28HPCU: Cost Effective and Power Efficient
Have you ever been approached about something and upon first hearing about it, the opportunity just did not seem very exciting? Then upon digging into things, it became much more interesting? This happened to me with this announcement. At first blush, who really cares that ARM is partnering with UMC at 28 nm? Well, once I was able to chat with the people at ARM, it is much more interesting than initially expected.
The new hotness in fabrication is the latest 14 nm and 16 nm processes from Samsung/GF and TSMC respectively. It has been a good 4+ years since we last had a new process node that actually performed as expected. The planar 22/20 nm products just were not entirely suitable for mass production. Apple was one of the few to actually develop a part for TSMC’s 20 nm process that actually sold in the millions. The main problem was a lack of power and speed scaling as compared to 28 nm processes. Planar was a bad choice, but the development of FinFET technologies hadn’t been implemented in time for it to show up at this time by 3rd party manufacturers.
There is a problem with the latest process generations, though. They are new, expensive, and are production constrained. Also, they may not be entirely appropriate for the applications that are being developed. There are several strengths with 28 nm as compared. These are mature processes with an excess of line space. The major fabs are offering very competitive pricing structures for 28 nm as they see space being cleared up on the lines with higher end SOCs, GPUs, and assorted ASICs migrating to the new process nodes.
TSMC has typically been on the forefront of R&D with advanced nodes. UMC is not as aggressive with their development, but they tend to let others do some of the heavy lifting and then integrate the new nodes when it fits their pricing and business models. TSMC is on their third generation of 28 nm. UMC is on their second, but that generation encompasses many of the advanced features of TSMC’s 3rd generation so it is actually quite competitive.

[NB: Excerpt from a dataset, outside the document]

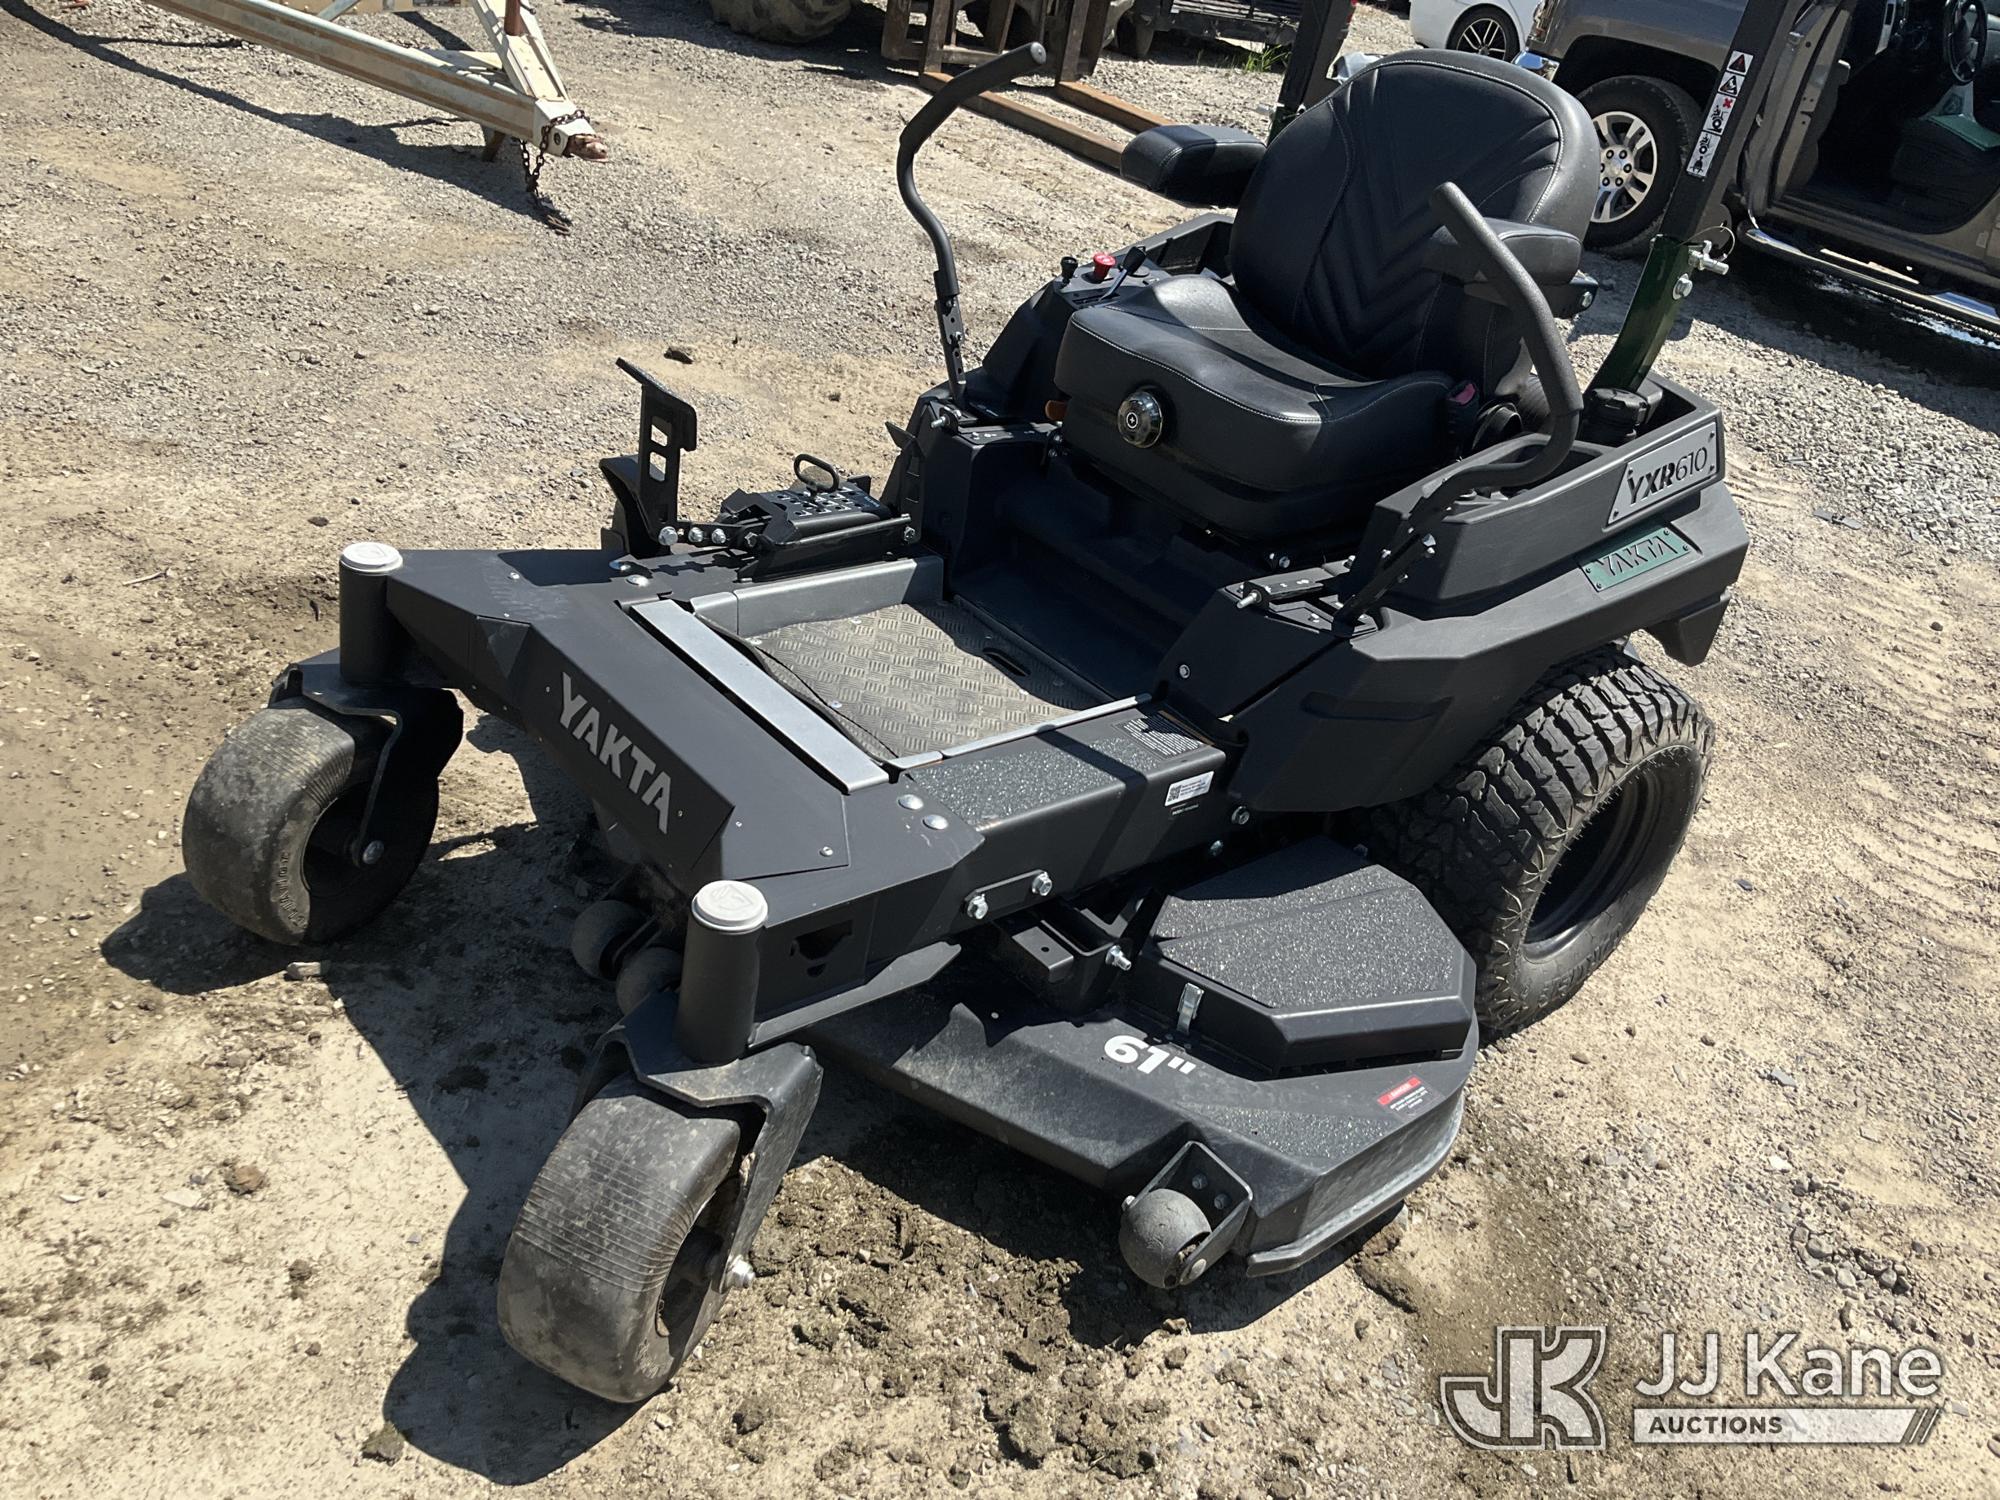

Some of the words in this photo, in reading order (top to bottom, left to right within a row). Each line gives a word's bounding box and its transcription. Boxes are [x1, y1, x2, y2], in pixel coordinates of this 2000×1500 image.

[1627, 446, 1708, 505] YXR610
[1592, 535, 1679, 577] YAKTA
[559, 671, 672, 835] YAKTA
[1104, 1034, 1197, 1075] 61"

Process Technology Overview
We have been very spoiled throughout the years. We likely did not realize exactly how spoiled we were until it became very obvious that the rate of process technology advances hit a virtual brick wall. Every 18 to 24 months we were treated to a new, faster, more efficient process node that was opened up to fabless semiconductor firms and we were treated to a new generation of products that would blow our hair back. Now we have been in a virtual standstill when it comes to new process nodes from the pure-play foundries.
Few expected the 28 nm node to live nearly as long as it has. Some of the first cracks in the façade actually came from Intel. Their 22 nm Tri-Gate (FinFET) process took a little bit longer to get off the ground than expected. We also noticed some interesting electrical features from the products developed on that process. Intel skewed away from higher clockspeeds and focused on efficiency and architectural improvements rather than staying at generally acceptable TDPs and leapfrogging the competition by clockspeed alone. Overclockers noticed that the newer parts did not reach the same clockspeed heights as previous products such as the 32 nm based Sandy Bridge processors. Whether this decision was intentional from Intel or not is debatable, but my gut feeling here is that they responded to the technical limitations of their 22 nm process. Yields and bins likely dictated the max clockspeeds attained on these new products. So instead of vaulting over AMD’s products, they just slowly started walking away from them.

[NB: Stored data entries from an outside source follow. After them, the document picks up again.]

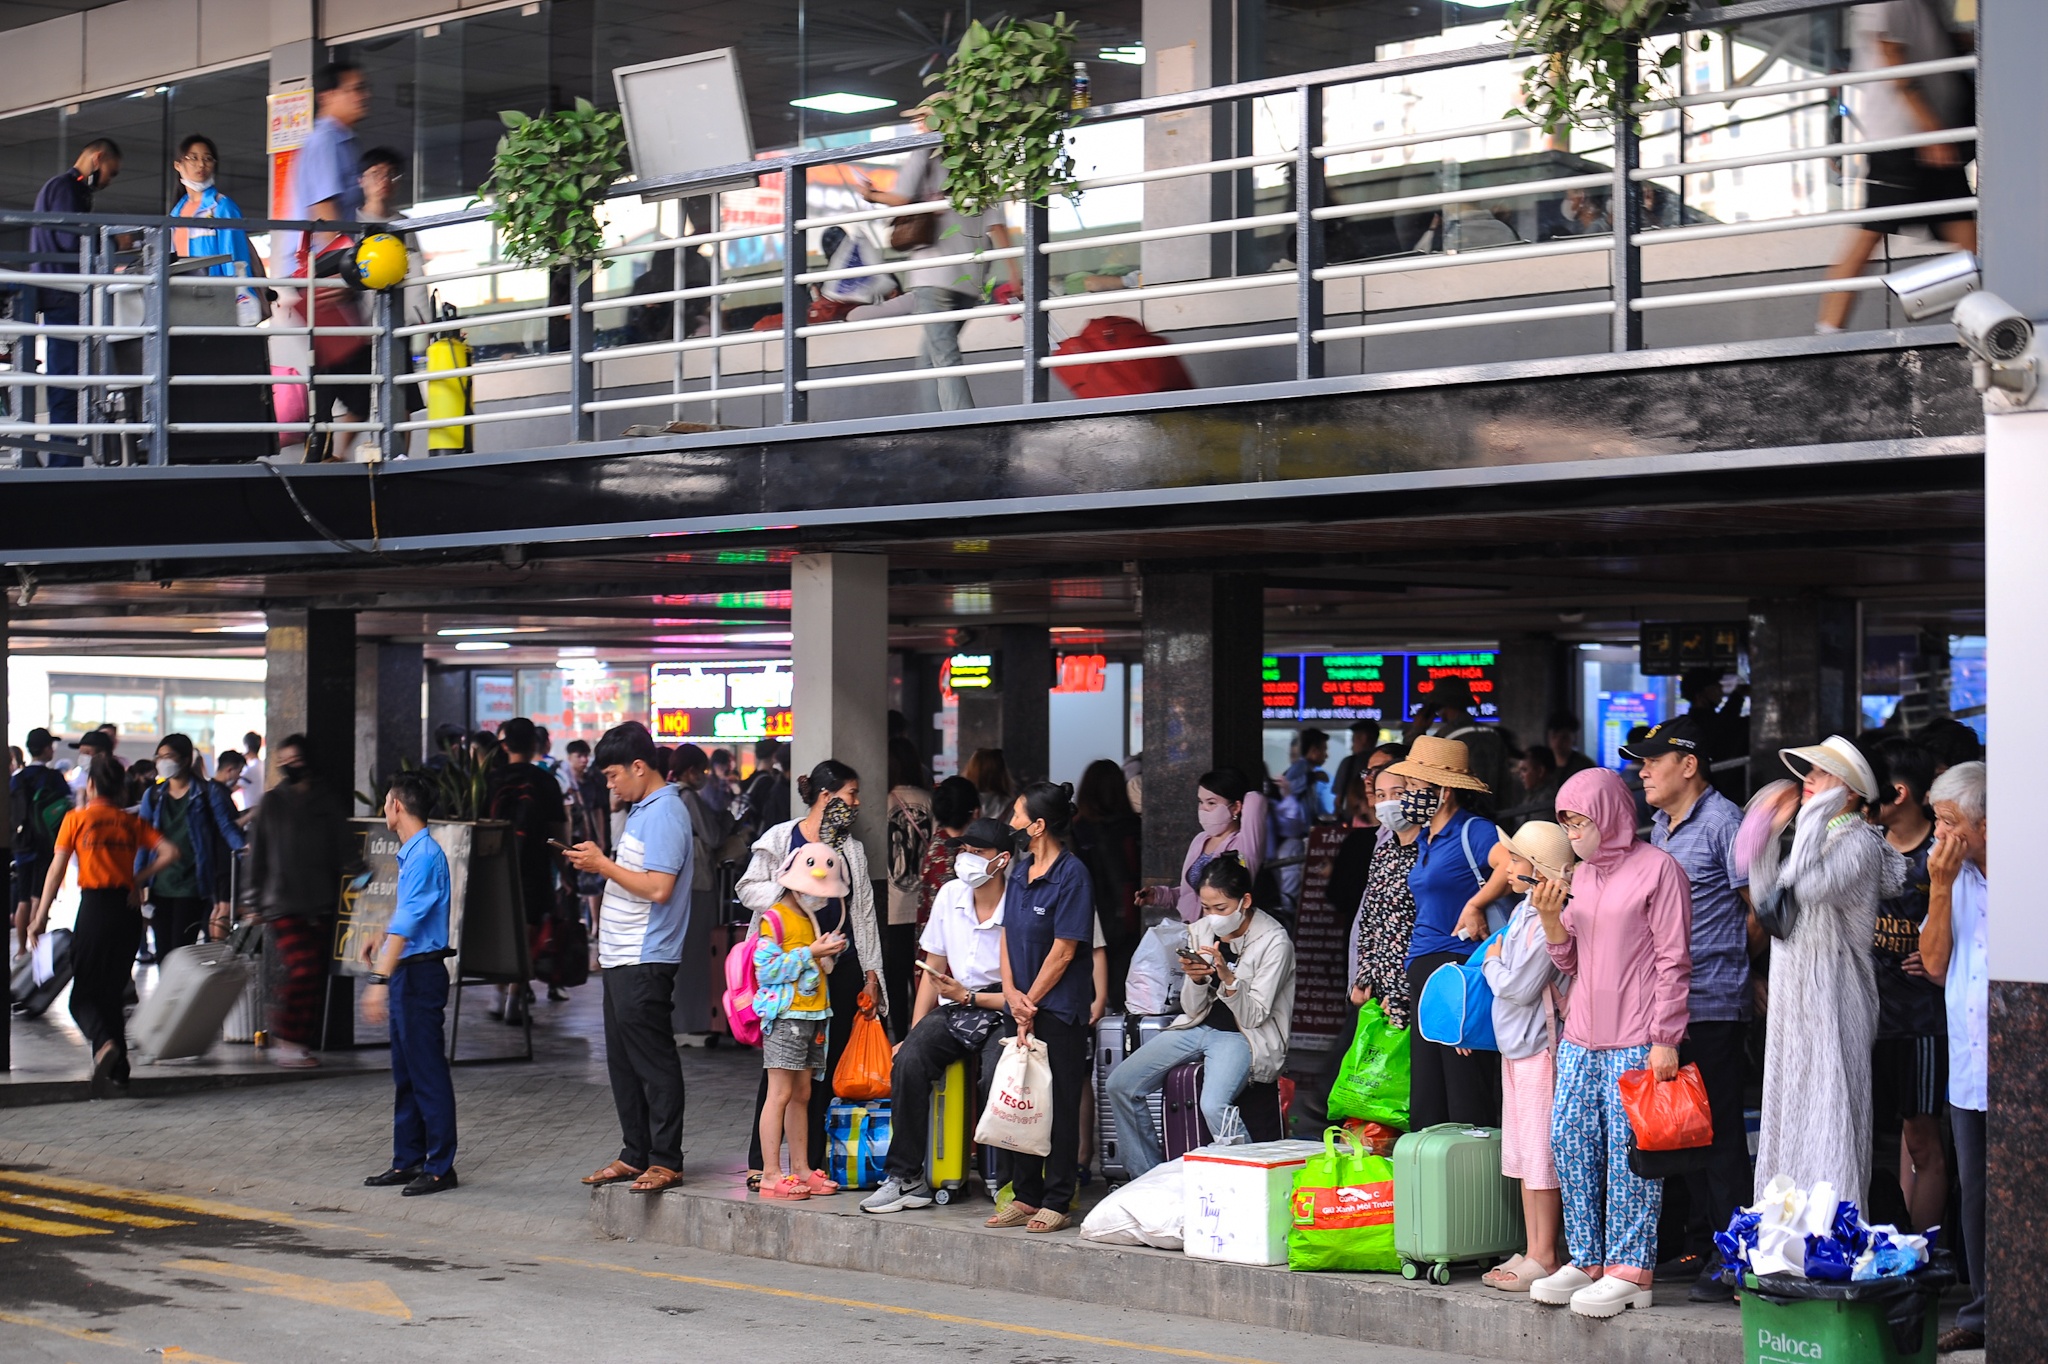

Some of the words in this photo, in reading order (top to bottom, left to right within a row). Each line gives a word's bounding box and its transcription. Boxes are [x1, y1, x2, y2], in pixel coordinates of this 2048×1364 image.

[663, 709, 690, 736] NỘI
[766, 711, 793, 736] :15
[380, 877, 398, 895] BÚY
[999, 1090, 1034, 1111] TESOL
[1336, 1203, 1356, 1214] Xanh
[1373, 1198, 1394, 1209] Trườn
[1758, 1328, 1822, 1360] Paloca

Samsung is one of the first pure-play foundries to offer a working sub-20 nm FinFET product line. (Photo courtesy of ExtremeTech)
When 28 nm was released the plans on the books were to transition to 20 nm products based on planar transistors, thereby bypassing the added expense of developing FinFETs. It was widely expected that FinFETs were not necessarily required to address the needs of the market. Sadly, that did not turn out to be the case. There are many other factors as to why 20 nm planar parts are not common, but the limitations of that particular process node has made it a relatively niche process node that is appropriate for smaller, low power ASICs (like the latest Apple SOCs). The Apple A8 is rumored to be around 90 mm square, which is a far cry from the traditional midrange GPU that goes from 250 mm sq. to 400+ mm sq.

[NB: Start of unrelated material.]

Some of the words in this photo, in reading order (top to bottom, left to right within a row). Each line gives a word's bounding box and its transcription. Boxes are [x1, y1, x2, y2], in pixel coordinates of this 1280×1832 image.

The essential difficulty of the 20 nm planar node appears to be a lack of power scaling to match the increased transistor density. TSMC and others have successfully packed in more transistors into every square mm as compared to 28 nm, but the electrical characteristics did not scale proportionally well. Yes, there are improvements there per transistor, but when designers pack in all those transistors into a large design, TDP and voltage issues start to arise. As TDP increases, it takes more power to drive the processor, which then leads to more heat. The GPU guys probably looked at this and figured out that while they can achieve a higher transistor density and a wider design, they will have to downclock the entire GPU to hit reasonable TDP levels. When adding these concerns to yields and bins for the new process, the advantages of going to 20 nm would be slim to none at the end of the day.